Researchers hope the medicine will eventually offer a new tool to fight drug-resistant strains of the disease.
Cure rates were 96% for the 113 predominantly male U.S. patients with a urogenital infection who received single-dose oral treatment with either 2 g or 3 g of zoliflodacin versus 100% among the 28 volunteers given a single 500-mg intramuscular dose of ceftriaxone.
All 15 people who had rectal infections were cured by either drug but zoliflodacin proved less adept at eliminating pharyngeal infections.
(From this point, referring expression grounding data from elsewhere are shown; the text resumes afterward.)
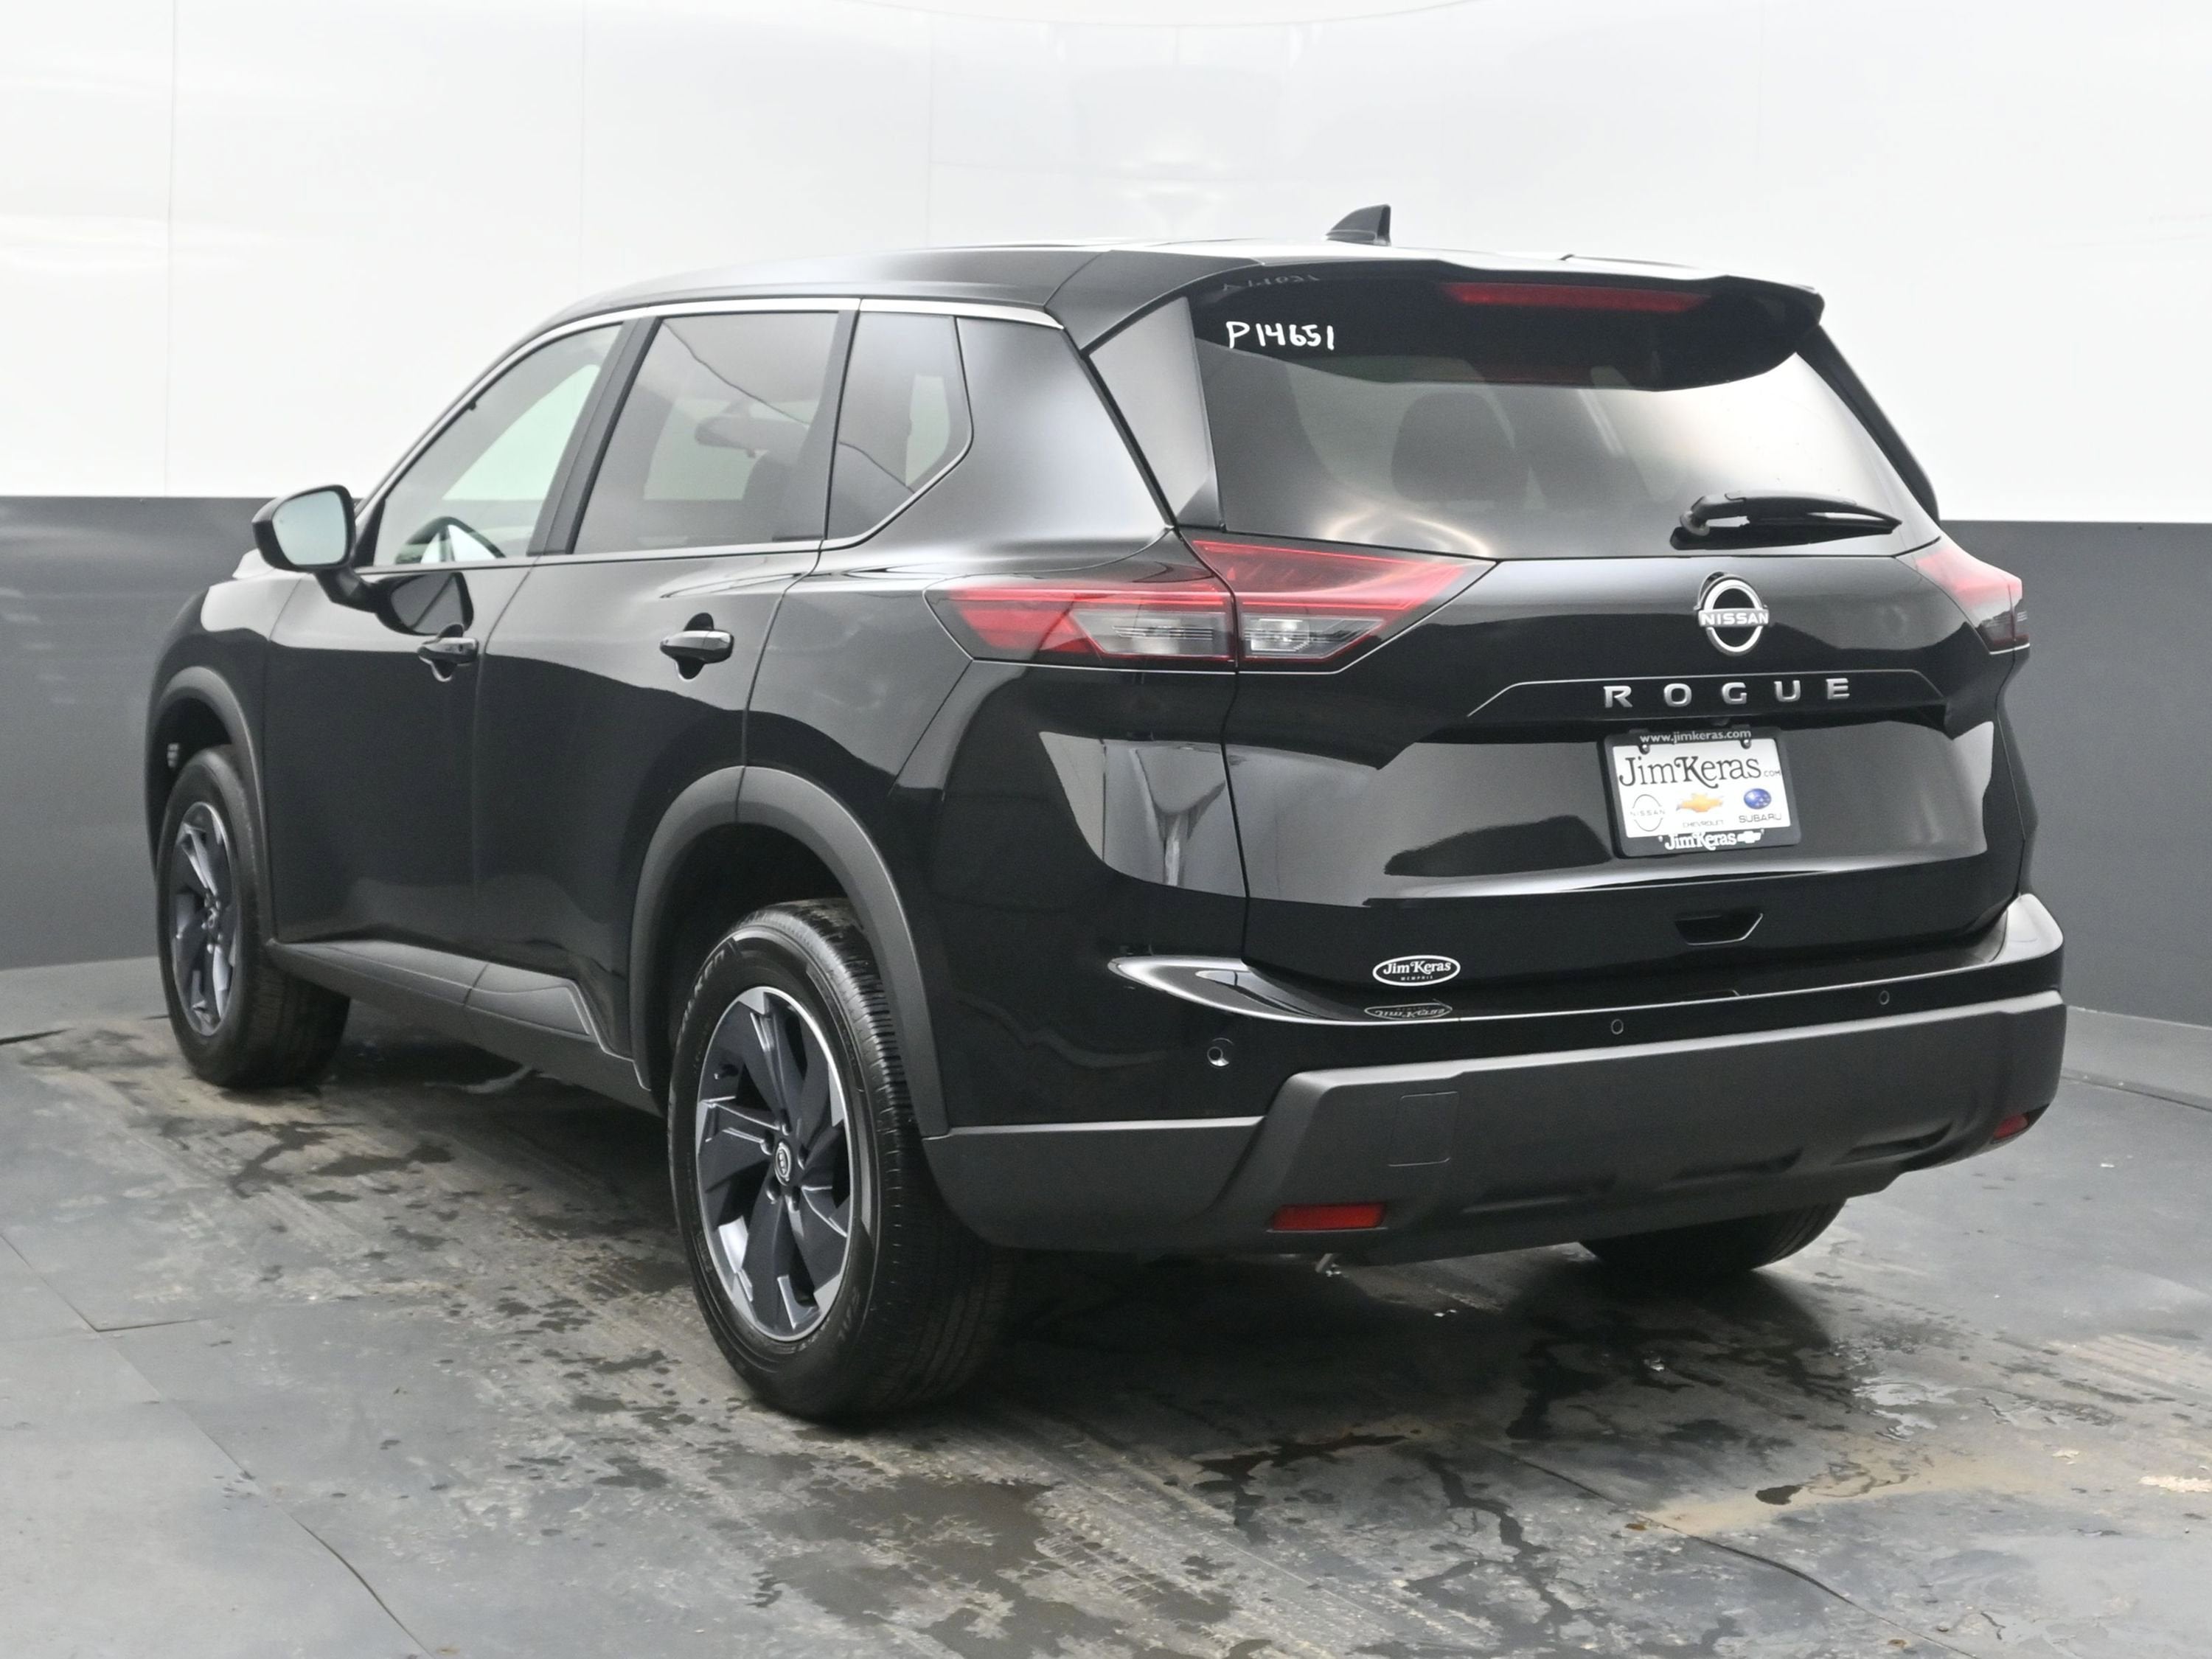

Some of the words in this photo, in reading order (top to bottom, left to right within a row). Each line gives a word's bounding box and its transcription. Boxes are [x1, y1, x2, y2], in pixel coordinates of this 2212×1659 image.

[1225, 321, 1335, 351] P14651
[1700, 612, 1769, 626] NISSAN
[1603, 677, 1851, 709] ROGUE
[1639, 728, 1752, 745] www.jimkeras.com
[1630, 808, 1666, 817] NISSAN
[1738, 813, 1782, 824] SUBARU
[1682, 819, 1724, 828] CHEVROLET
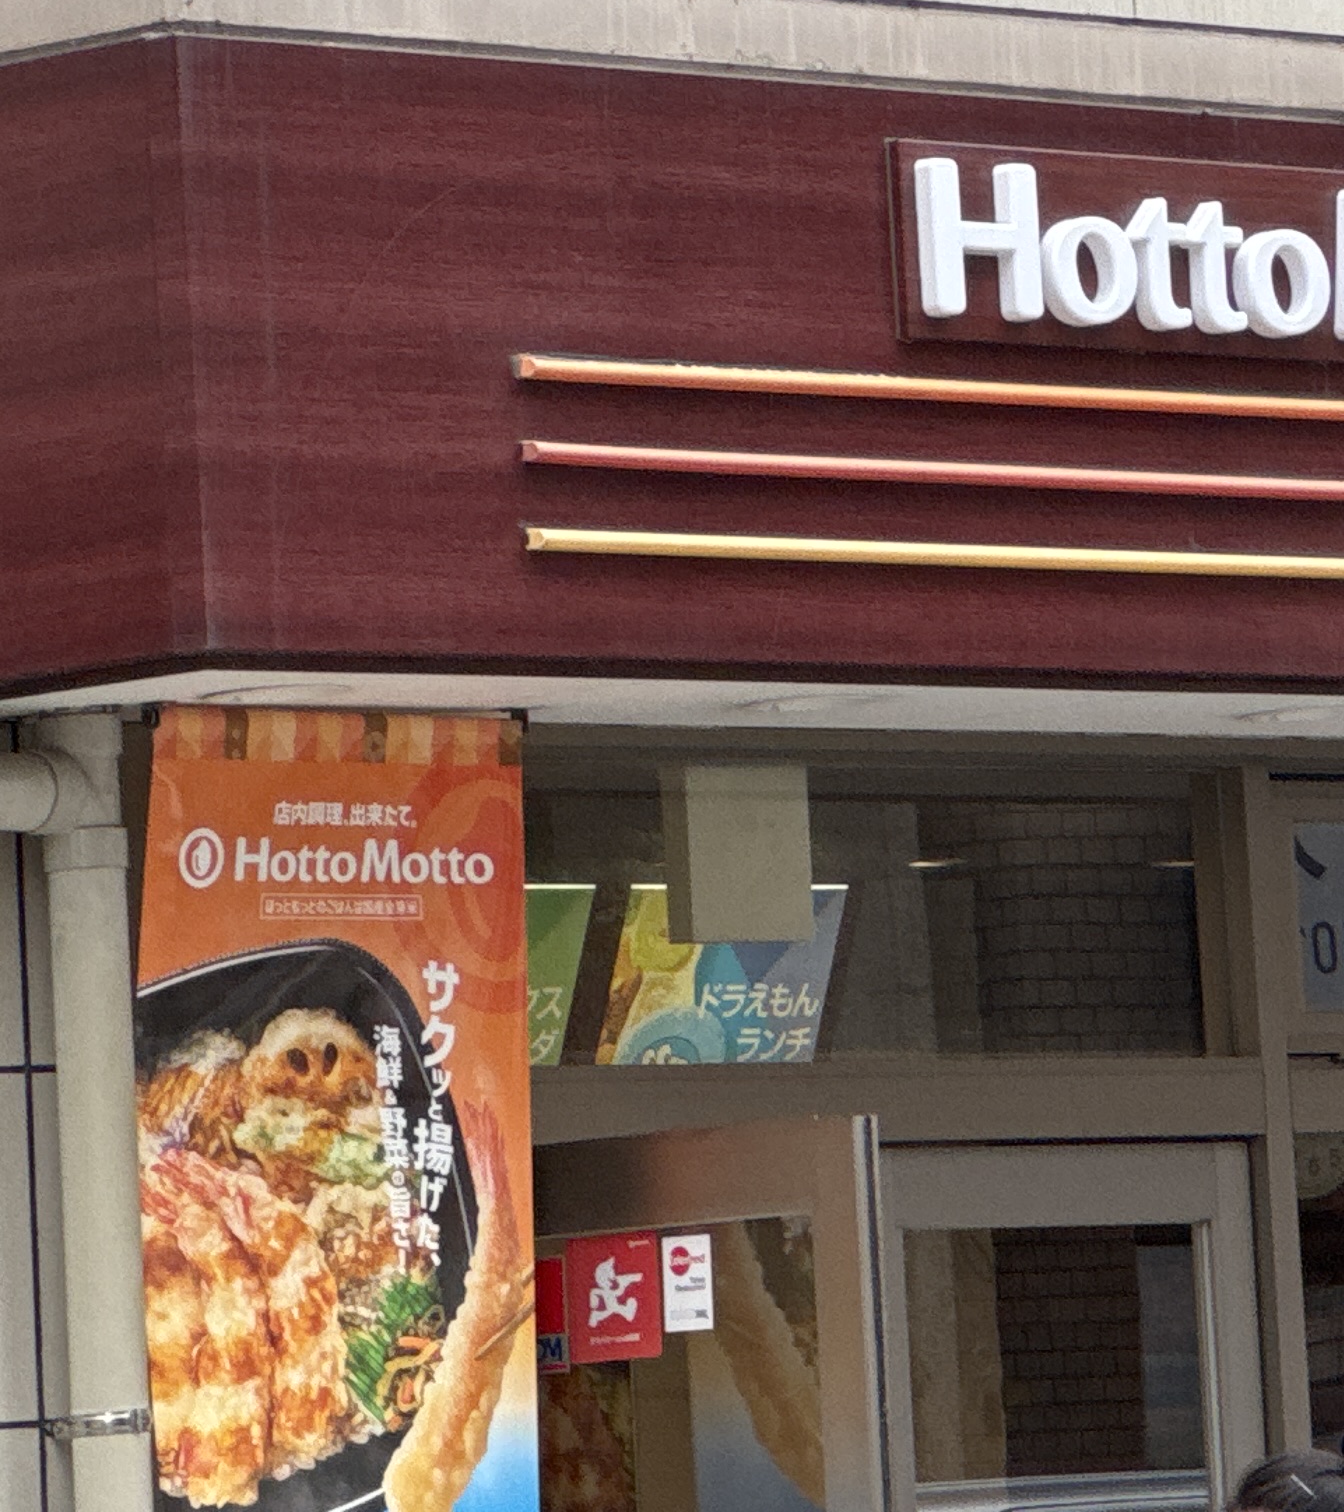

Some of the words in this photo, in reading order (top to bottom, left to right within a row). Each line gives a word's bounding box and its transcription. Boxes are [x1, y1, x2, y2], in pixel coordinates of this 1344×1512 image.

[698, 982, 820, 1019] ドラえもん
[735, 1025, 813, 1062] ランチ
Pharyngeal cure rates were 50% for the eight people getting 2 g of zoliflodacin versus 82% for the 11 volunteers getting the 3 g dose and 100% for the four patients getting ceftriaxone therapy.
"We hoped for better activity against pharyngeal gonorrhea, but it is notoriously difficult to treat," chief author Dr. Stephanie Taylor of the Louisiana State University Health Sciences Center, in New Orleans, told Reuters Health by email. "It has been suggested that poor drug penetration into pharyngeal tissue is probably responsible for most treatment failures and not re-infection or resistant organisms."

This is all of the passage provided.